- **PROBLEM REQUIREMENTS**: Print every line below. Match each one exactly.

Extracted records
┌──

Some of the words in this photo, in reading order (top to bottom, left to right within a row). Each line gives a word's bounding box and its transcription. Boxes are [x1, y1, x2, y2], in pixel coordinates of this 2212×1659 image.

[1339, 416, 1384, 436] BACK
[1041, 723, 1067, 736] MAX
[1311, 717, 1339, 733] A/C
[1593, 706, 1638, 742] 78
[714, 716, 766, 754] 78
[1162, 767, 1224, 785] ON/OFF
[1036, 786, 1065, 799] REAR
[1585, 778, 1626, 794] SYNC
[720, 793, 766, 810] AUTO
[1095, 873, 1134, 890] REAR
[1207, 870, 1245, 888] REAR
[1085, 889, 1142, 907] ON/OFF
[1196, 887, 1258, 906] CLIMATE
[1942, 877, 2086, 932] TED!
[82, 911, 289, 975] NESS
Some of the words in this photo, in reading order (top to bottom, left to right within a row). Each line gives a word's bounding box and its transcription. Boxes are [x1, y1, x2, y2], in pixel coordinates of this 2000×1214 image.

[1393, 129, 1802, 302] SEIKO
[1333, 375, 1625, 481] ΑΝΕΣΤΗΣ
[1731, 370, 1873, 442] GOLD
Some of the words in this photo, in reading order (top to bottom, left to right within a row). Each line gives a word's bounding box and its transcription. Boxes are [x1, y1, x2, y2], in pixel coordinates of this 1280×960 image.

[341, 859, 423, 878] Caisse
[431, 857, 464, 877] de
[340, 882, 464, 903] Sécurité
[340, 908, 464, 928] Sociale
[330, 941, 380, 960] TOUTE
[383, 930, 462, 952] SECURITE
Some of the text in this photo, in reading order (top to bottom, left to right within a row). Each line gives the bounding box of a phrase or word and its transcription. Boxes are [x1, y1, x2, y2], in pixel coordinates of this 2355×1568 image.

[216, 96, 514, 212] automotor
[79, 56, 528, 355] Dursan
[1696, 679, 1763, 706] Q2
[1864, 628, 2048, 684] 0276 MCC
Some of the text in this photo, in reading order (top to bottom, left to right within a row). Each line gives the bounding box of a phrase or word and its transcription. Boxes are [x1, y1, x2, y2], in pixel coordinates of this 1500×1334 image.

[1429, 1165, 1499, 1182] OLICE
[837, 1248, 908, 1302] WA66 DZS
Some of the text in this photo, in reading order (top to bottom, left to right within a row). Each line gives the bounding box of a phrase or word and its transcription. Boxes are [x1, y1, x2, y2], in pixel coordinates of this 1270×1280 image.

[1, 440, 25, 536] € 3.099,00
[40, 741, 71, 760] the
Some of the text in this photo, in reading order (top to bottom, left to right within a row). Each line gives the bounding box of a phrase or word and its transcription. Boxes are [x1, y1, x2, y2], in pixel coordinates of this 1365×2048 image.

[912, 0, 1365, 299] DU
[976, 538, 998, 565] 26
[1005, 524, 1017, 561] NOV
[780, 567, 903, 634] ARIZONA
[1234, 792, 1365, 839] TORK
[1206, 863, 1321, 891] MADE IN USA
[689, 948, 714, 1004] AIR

└──

- **SOLUTION TO THE EXERCISE**:
Some of the words in this photo, in reading order (top to bottom, left to right within a row). Each line gives a word's bounding box and its transcription. Boxes are [x1, y1, x2, y2], in pixel coordinates of this 2212×1659 image.

[1339, 416, 1384, 436] BACK
[1041, 723, 1067, 736] MAX
[1311, 717, 1339, 733] A/C
[1593, 706, 1638, 742] 78
[714, 716, 766, 754] 78
[1162, 767, 1224, 785] ON/OFF
[1036, 786, 1065, 799] REAR
[1585, 778, 1626, 794] SYNC
[720, 793, 766, 810] AUTO
[1095, 873, 1134, 890] REAR
[1207, 870, 1245, 888] REAR
[1085, 889, 1142, 907] ON/OFF
[1196, 887, 1258, 906] CLIMATE
[1942, 877, 2086, 932] TED!
[82, 911, 289, 975] NESS
Some of the words in this photo, in reading order (top to bottom, left to right within a row). Each line gives a word's bounding box and its transcription. Boxes are [x1, y1, x2, y2], in pixel coordinates of this 2000×1214 image.

[1393, 129, 1802, 302] SEIKO
[1333, 375, 1625, 481] ΑΝΕΣΤΗΣ
[1731, 370, 1873, 442] GOLD
Some of the words in this photo, in reading order (top to bottom, left to right within a row). Each line gives a word's bounding box and its transcription. Boxes are [x1, y1, x2, y2], in pixel coordinates of this 1280×960 image.

[341, 859, 423, 878] Caisse
[431, 857, 464, 877] de
[340, 882, 464, 903] Sécurité
[340, 908, 464, 928] Sociale
[330, 941, 380, 960] TOUTE
[383, 930, 462, 952] SECURITE
Some of the text in this photo, in reading order (top to bottom, left to right within a row). Each line gives the bounding box of a phrase or word and its transcription. Boxes are [x1, y1, x2, y2], in pixel coordinates of this 2355×1568 image.

[216, 96, 514, 212] automotor
[79, 56, 528, 355] Dursan
[1696, 679, 1763, 706] Q2
[1864, 628, 2048, 684] 0276 MCC
Some of the text in this photo, in reading order (top to bottom, left to right within a row). Each line gives the bounding box of a phrase or word and its transcription. Boxes are [x1, y1, x2, y2], in pixel coordinates of this 1500×1334 image.

[1429, 1165, 1499, 1182] OLICE
[837, 1248, 908, 1302] WA66 DZS
Some of the text in this photo, in reading order (top to bottom, left to right within a row). Each line gives the bounding box of a phrase or word and its transcription. Boxes are [x1, y1, x2, y2], in pixel coordinates of this 1270×1280 image.

[1, 440, 25, 536] € 3.099,00
[40, 741, 71, 760] the
Some of the text in this photo, in reading order (top to bottom, left to right within a row). Each line gives the bounding box of a phrase or word and its transcription. Boxes are [x1, y1, x2, y2], in pixel coordinates of this 1365×2048 image.

[912, 0, 1365, 299] DU
[976, 538, 998, 565] 26
[1005, 524, 1017, 561] NOV
[780, 567, 903, 634] ARIZONA
[1234, 792, 1365, 839] TORK
[1206, 863, 1321, 891] MADE IN USA
[689, 948, 714, 1004] AIR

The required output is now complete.